30 November 2011

Book Review: My China Years, by Helen Foster Snow, **

Foster Snow is the wife of Edgar Snow, the author of "Red Star Over China - The Rise Of The Red Army". She actually met "Ed" in China and her book is about her time there, mostly with him. It is an interesting read to grasp the reality of life in China, and especially in Shanghai, in the thirties. She was well introduced in the circles that made things happen then, and had tea with notable Chinese as well as foreign dignitaries. She always was a naive political analyst though, and when she leaves her travelogue mode to draw more general conclusions about politics in China, or her future, it is clear that this was not her cup of tea...

24 November 2011

Book Review: City of Sadness, by Bérénice Reynaud, ****

Synopsis
This work introduces the Western audience to the richness of New Taiwanese Cinema. It revisits a painful episode in Taiwanese history, creating an elliptical and impressionistic picture of Chiang Kai-shek's takeover of the island after the defeat of his Kuomintang army by Mao Zedong.

Review
This is a moving love story that serves as a conduit to illustrate the period right after WW II in Taiwan, when the Japanese colonial administration was replaced by the ruthless and corrupt rule of Chen Yi, a mainland administrator for Chiang Kai-shek. The infamous episode of 2/28/47 is the background against which the story is set.

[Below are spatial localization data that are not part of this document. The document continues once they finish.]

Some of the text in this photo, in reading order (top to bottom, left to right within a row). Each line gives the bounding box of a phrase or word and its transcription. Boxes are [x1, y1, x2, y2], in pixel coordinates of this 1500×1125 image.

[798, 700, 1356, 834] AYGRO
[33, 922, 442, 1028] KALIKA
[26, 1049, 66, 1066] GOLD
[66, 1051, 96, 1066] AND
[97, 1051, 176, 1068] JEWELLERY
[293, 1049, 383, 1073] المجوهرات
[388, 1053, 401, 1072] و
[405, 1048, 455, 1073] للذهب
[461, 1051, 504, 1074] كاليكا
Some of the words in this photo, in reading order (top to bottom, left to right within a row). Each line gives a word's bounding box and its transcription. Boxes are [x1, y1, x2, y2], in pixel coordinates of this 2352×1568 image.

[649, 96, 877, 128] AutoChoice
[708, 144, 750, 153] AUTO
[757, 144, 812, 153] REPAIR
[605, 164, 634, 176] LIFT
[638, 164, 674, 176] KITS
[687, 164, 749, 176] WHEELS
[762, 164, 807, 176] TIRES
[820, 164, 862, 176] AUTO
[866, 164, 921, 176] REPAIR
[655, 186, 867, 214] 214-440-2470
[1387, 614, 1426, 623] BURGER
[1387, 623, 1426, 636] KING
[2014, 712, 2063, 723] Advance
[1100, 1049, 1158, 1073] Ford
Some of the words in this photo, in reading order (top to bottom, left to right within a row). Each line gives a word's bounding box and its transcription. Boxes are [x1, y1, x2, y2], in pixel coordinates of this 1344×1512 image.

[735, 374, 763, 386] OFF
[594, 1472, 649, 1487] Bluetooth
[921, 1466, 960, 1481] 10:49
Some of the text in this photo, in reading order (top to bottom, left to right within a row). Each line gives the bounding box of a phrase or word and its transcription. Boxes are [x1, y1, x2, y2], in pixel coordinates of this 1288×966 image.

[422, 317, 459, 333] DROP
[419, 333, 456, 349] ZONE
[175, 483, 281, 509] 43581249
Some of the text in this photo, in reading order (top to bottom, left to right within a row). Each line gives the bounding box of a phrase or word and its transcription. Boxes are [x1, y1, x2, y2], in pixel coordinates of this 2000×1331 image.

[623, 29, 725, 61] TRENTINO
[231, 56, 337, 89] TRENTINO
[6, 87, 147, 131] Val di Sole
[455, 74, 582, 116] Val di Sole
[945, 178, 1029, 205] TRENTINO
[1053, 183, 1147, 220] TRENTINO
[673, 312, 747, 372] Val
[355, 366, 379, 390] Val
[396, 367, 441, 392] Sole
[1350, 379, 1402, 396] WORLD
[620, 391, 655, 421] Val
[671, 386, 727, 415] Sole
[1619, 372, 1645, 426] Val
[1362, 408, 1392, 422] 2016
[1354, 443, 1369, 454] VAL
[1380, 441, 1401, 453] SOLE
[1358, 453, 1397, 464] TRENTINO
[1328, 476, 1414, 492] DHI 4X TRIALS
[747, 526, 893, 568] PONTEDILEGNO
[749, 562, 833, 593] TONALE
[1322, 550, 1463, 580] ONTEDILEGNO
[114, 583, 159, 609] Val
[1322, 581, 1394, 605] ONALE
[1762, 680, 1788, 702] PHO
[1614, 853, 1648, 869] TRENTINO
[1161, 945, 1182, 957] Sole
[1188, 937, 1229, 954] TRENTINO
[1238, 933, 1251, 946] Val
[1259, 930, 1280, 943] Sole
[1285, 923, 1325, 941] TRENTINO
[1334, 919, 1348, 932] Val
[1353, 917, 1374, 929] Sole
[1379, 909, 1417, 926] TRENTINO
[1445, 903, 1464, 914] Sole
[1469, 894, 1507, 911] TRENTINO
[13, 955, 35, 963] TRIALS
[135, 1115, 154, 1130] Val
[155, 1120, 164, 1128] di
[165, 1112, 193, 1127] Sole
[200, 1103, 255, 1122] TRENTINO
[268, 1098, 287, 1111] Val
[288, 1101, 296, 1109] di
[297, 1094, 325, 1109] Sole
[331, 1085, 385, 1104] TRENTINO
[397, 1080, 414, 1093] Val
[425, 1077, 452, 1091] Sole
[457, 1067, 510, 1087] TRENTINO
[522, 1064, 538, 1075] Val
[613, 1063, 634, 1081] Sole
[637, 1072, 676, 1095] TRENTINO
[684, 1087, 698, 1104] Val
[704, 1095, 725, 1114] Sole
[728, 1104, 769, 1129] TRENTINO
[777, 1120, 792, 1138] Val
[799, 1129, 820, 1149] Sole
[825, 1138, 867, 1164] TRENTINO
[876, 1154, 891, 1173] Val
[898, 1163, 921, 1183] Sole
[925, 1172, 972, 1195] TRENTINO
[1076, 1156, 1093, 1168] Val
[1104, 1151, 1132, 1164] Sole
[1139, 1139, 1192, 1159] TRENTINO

Taiwan later became an extraordinary success story and today it is a thriving democracy, but the end of Japanese colonial rule did not start under the best auspices...

23 November 2011

Book Review: Singapore Swing, by John Malathronas, *****

MBS from the modern art museum
Synopsis

For generations of Britons, Singapore was the international crossroads of the Empire, the ultimate colonial posting, the stimulus for writers such as Joseph Conrad, Somerset Maugham or Noel Coward. Can today’s hightech 24-hour city with its gleaming skyscrapers and high standard of living provide a similar kind of inspiration to a visitor?

John Malathronas penetrates the Oriental psyche and discovers the hustle among the stuffiness, the thrill behind the Confucian ethic and, ultimately, the joie de vivre in what has been unjustly dismissed as “a shopping mall with UN representation”. Still more importantly, during his quest, he realises that this overcrowded, multicultural, multifaith city-state can teach us a lesson about living together in harmony and with mutual respect.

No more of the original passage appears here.